**DATA EXCERPTS**
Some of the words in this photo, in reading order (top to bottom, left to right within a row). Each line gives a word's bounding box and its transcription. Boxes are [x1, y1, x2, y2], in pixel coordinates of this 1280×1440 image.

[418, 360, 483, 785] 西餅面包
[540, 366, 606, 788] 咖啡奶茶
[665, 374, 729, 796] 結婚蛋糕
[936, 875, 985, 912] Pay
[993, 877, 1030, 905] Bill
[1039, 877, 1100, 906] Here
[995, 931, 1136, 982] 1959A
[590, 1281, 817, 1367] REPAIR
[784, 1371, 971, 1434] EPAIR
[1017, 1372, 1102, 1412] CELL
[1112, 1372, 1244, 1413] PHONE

**HOW TO COMPLETE THIS TASK**
The entries above must be returned in full, exactly as shown.

**ANSWER TO THE EXERCISE**
Some of the words in this photo, in reading order (top to bottom, left to right within a row). Each line gives a word's bounding box and its transcription. Boxes are [x1, y1, x2, y2], in pixel coordinates of this 1280×1440 image.

[418, 360, 483, 785] 西餅面包
[540, 366, 606, 788] 咖啡奶茶
[665, 374, 729, 796] 結婚蛋糕
[936, 875, 985, 912] Pay
[993, 877, 1030, 905] Bill
[1039, 877, 1100, 906] Here
[995, 931, 1136, 982] 1959A
[590, 1281, 817, 1367] REPAIR
[784, 1371, 971, 1434] EPAIR
[1017, 1372, 1102, 1412] CELL
[1112, 1372, 1244, 1413] PHONE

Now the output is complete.